WHAT TO WORK ON:
Could you restate all of the records exactly, leaving out the pictures?

--- AVAILABLE DATA ---

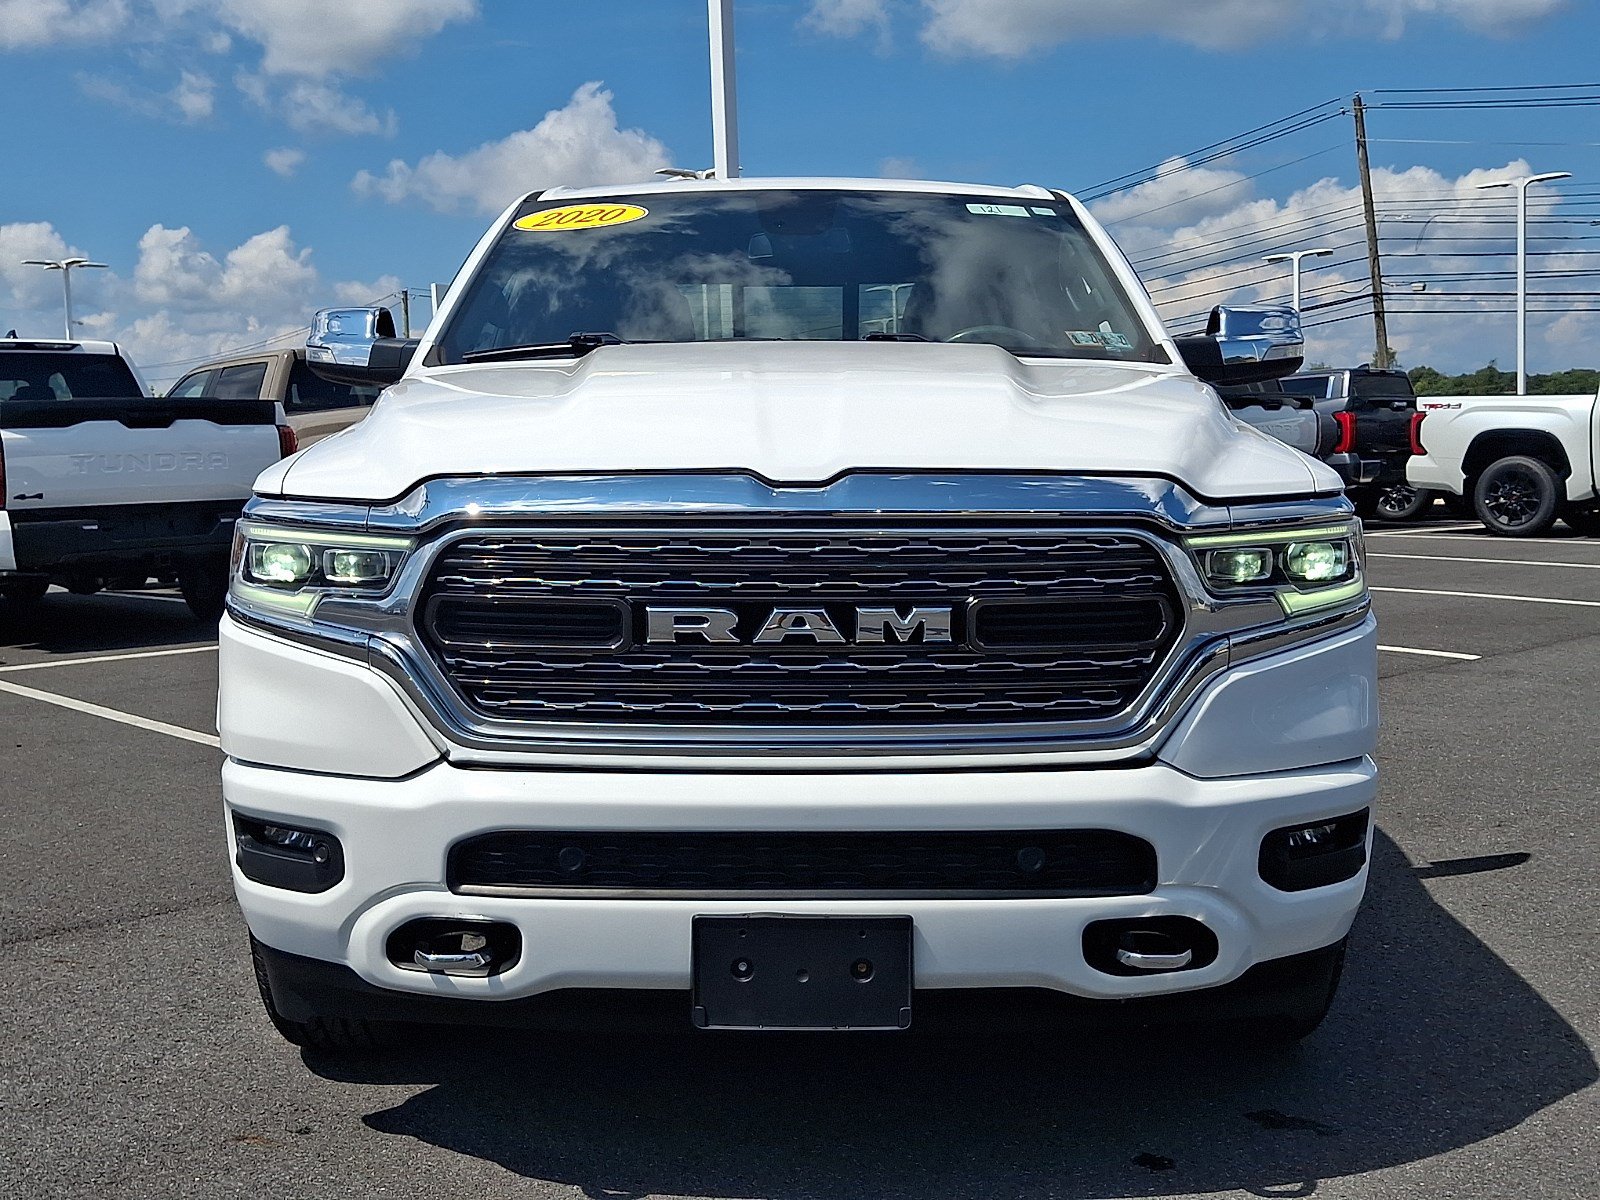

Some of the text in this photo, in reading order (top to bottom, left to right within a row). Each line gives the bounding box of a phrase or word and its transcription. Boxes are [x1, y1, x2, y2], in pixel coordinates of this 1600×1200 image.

[532, 208, 627, 227] 2020
[69, 452, 230, 474] TUNDRA
[645, 606, 953, 643] RAM
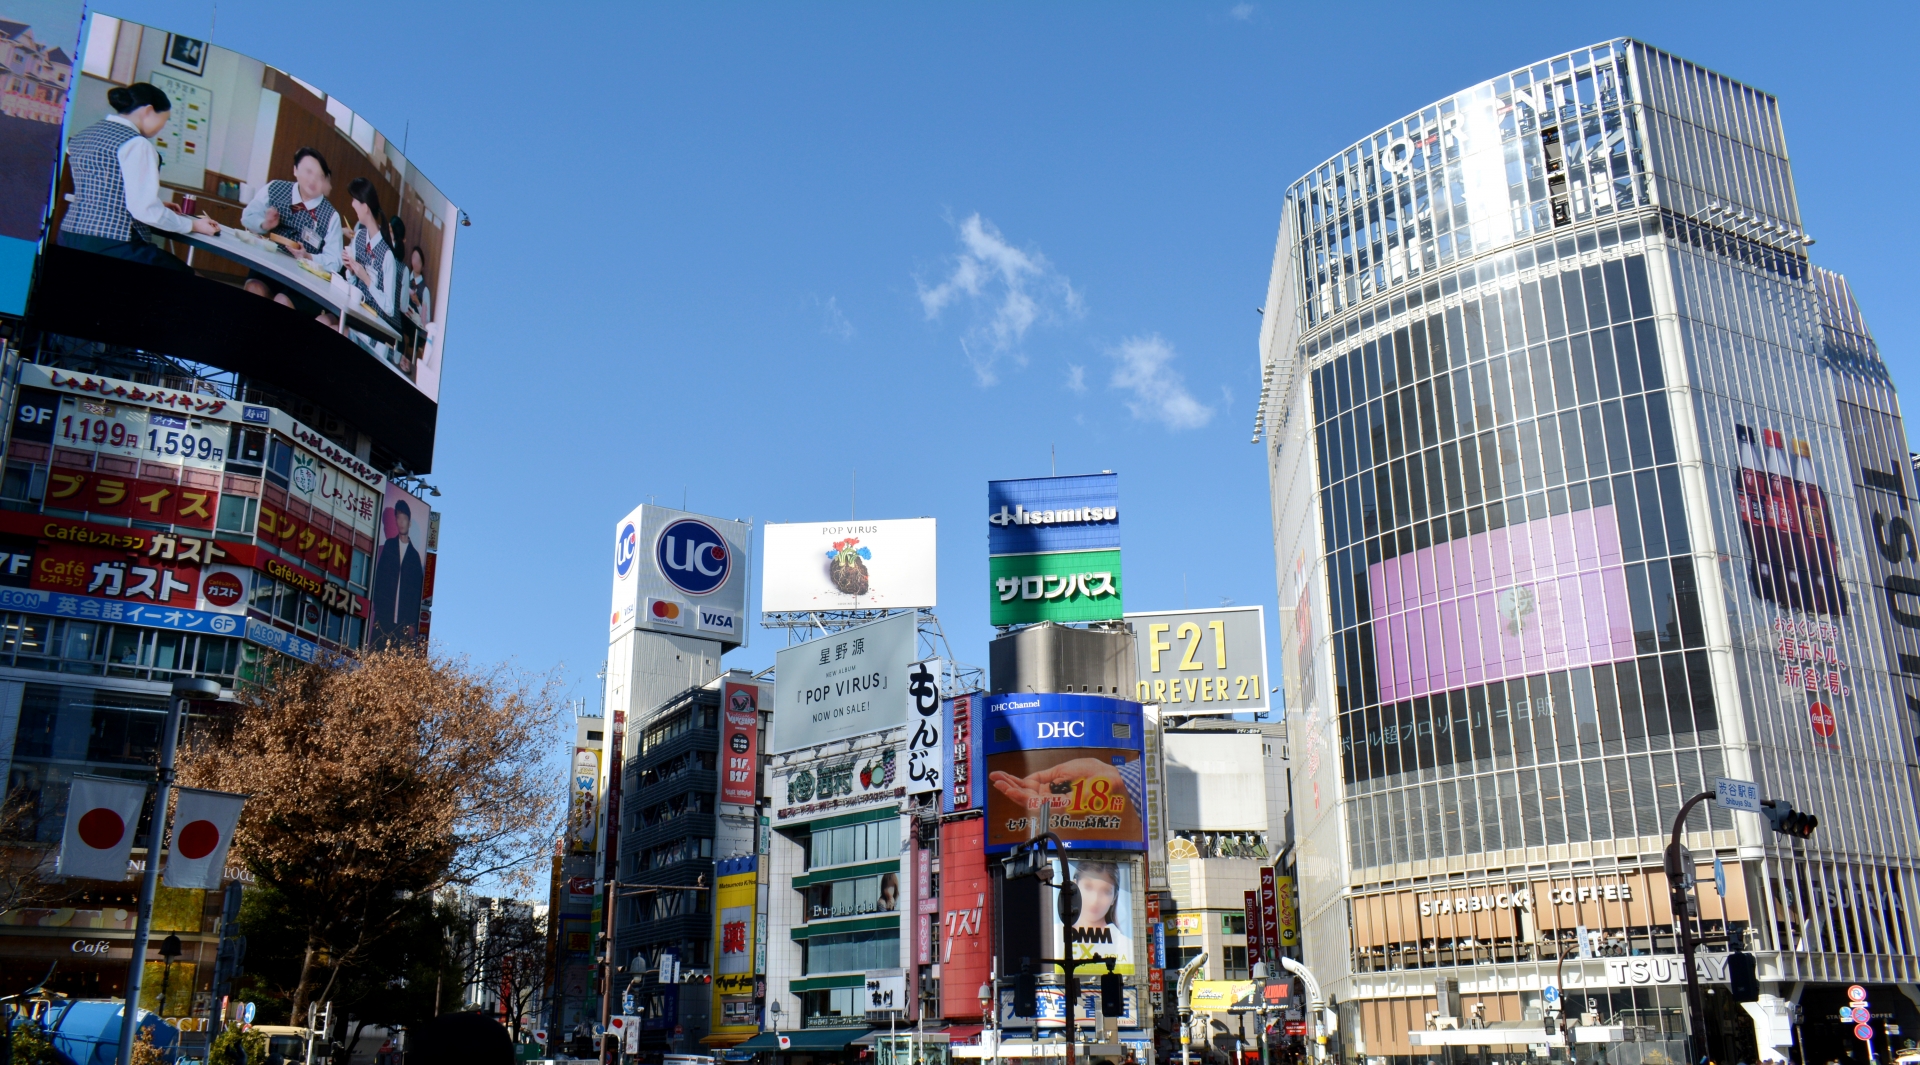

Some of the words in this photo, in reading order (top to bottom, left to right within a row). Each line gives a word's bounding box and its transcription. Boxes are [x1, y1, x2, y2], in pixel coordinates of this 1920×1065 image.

[51, 370, 227, 414] しゃぶしゃぶバイキング
[20, 405, 53, 424] 9F
[153, 415, 184, 427] ディナー
[244, 408, 267, 421] 寿司
[62, 415, 138, 448] 1,199円
[148, 428, 223, 462] 1,599円
[292, 422, 384, 486] しゃぶしゃぶバイキング
[52, 474, 212, 518] プライス
[320, 473, 374, 521] しゃぶ葉
[990, 504, 1116, 526] Hisamitsu
[258, 506, 348, 568] コンタクト
[822, 526, 844, 535] POP
[847, 526, 878, 534] VIRUS
[148, 533, 226, 564] ガスト
[618, 532, 635, 566] UC
[666, 536, 722, 576] UC
[40, 558, 86, 577] Café
[40, 575, 82, 587] レストラン
[88, 561, 189, 600] ガスト
[996, 572, 1116, 601] サロンパス
[0, 590, 40, 606] EON
[208, 586, 239, 598] ガスト
[322, 582, 362, 614] ガスト
[624, 604, 634, 616] VISA
[700, 612, 733, 628] VISA
[213, 618, 233, 630] 6F
[254, 624, 282, 646] AEON
[1774, 617, 1838, 640] おみくじ付き
[818, 638, 865, 666] 星野源
[1148, 620, 1228, 673] F21
[826, 670, 837, 678] NEW
[838, 665, 856, 675] ALBUM
[1136, 676, 1230, 703] OREVER
[1236, 674, 1260, 700] 21
[812, 711, 830, 723] NOW
[834, 708, 844, 718] ON
[846, 701, 870, 715] SALE!
[991, 704, 1008, 712] DHC
[1008, 700, 1040, 710] Channel
[909, 663, 939, 788] もんじゃ
[1038, 720, 1084, 739] DHC
[954, 698, 968, 804] 三千里薬品
[1145, 724, 1160, 785] Taisei
[731, 757, 749, 769] B1F
[730, 771, 749, 782] B2F
[1718, 782, 1756, 800] 渋谷駅前
[1726, 797, 1743, 807] Shibuya
[1744, 800, 1753, 808] Sta.
[1006, 814, 1121, 832] セサ36mg高配合
[1148, 790, 1160, 840] neon
[920, 852, 928, 896] お好み焼
[718, 881, 743, 890] Matsumoto
[813, 903, 874, 916] Euphoria
[1262, 875, 1276, 930] カラオケ
[1420, 888, 1535, 916] STARBUCKS
[1548, 884, 1632, 904] COFFEE
[1813, 886, 1904, 912] TSUTAYA
[723, 920, 746, 954] 薬
[1283, 930, 1293, 938] 4F
[72, 940, 110, 956] Café
[1150, 972, 1161, 990] 焼肉
[1610, 956, 1729, 984] TSUTAY

---

RESPONSE:
Some of the text in this photo, in reading order (top to bottom, left to right within a row). Each line gives the bounding box of a phrase or word and its transcription. Boxes are [x1, y1, x2, y2], in pixel coordinates of this 1600×1200 image.

[532, 208, 627, 227] 2020
[69, 452, 230, 474] TUNDRA
[645, 606, 953, 643] RAM

Some of the words in this photo, in reading order (top to bottom, left to right within a row). Each line gives a word's bounding box and its transcription. Boxes are [x1, y1, x2, y2], in pixel coordinates of this 1920×1065 image.

[51, 370, 227, 414] しゃぶしゃぶバイキング
[20, 405, 53, 424] 9F
[153, 415, 184, 427] ディナー
[244, 408, 267, 421] 寿司
[62, 415, 138, 448] 1,199円
[148, 428, 223, 462] 1,599円
[292, 422, 384, 486] しゃぶしゃぶバイキング
[52, 474, 212, 518] プライス
[320, 473, 374, 521] しゃぶ葉
[990, 504, 1116, 526] Hisamitsu
[258, 506, 348, 568] コンタクト
[822, 526, 844, 535] POP
[847, 526, 878, 534] VIRUS
[148, 533, 226, 564] ガスト
[618, 532, 635, 566] UC
[666, 536, 722, 576] UC
[40, 558, 86, 577] Café
[40, 575, 82, 587] レストラン
[88, 561, 189, 600] ガスト
[996, 572, 1116, 601] サロンパス
[0, 590, 40, 606] EON
[208, 586, 239, 598] ガスト
[322, 582, 362, 614] ガスト
[624, 604, 634, 616] VISA
[700, 612, 733, 628] VISA
[213, 618, 233, 630] 6F
[254, 624, 282, 646] AEON
[1774, 617, 1838, 640] おみくじ付き
[818, 638, 865, 666] 星野源
[1148, 620, 1228, 673] F21
[826, 670, 837, 678] NEW
[838, 665, 856, 675] ALBUM
[1136, 676, 1230, 703] OREVER
[1236, 674, 1260, 700] 21
[812, 711, 830, 723] NOW
[834, 708, 844, 718] ON
[846, 701, 870, 715] SALE!
[991, 704, 1008, 712] DHC
[1008, 700, 1040, 710] Channel
[909, 663, 939, 788] もんじゃ
[1038, 720, 1084, 739] DHC
[954, 698, 968, 804] 三千里薬品
[1145, 724, 1160, 785] Taisei
[731, 757, 749, 769] B1F
[730, 771, 749, 782] B2F
[1718, 782, 1756, 800] 渋谷駅前
[1726, 797, 1743, 807] Shibuya
[1744, 800, 1753, 808] Sta.
[1006, 814, 1121, 832] セサ36mg高配合
[1148, 790, 1160, 840] neon
[920, 852, 928, 896] お好み焼
[718, 881, 743, 890] Matsumoto
[813, 903, 874, 916] Euphoria
[1262, 875, 1276, 930] カラオケ
[1420, 888, 1535, 916] STARBUCKS
[1548, 884, 1632, 904] COFFEE
[1813, 886, 1904, 912] TSUTAYA
[723, 920, 746, 954] 薬
[1283, 930, 1293, 938] 4F
[72, 940, 110, 956] Café
[1150, 972, 1161, 990] 焼肉
[1610, 956, 1729, 984] TSUTAY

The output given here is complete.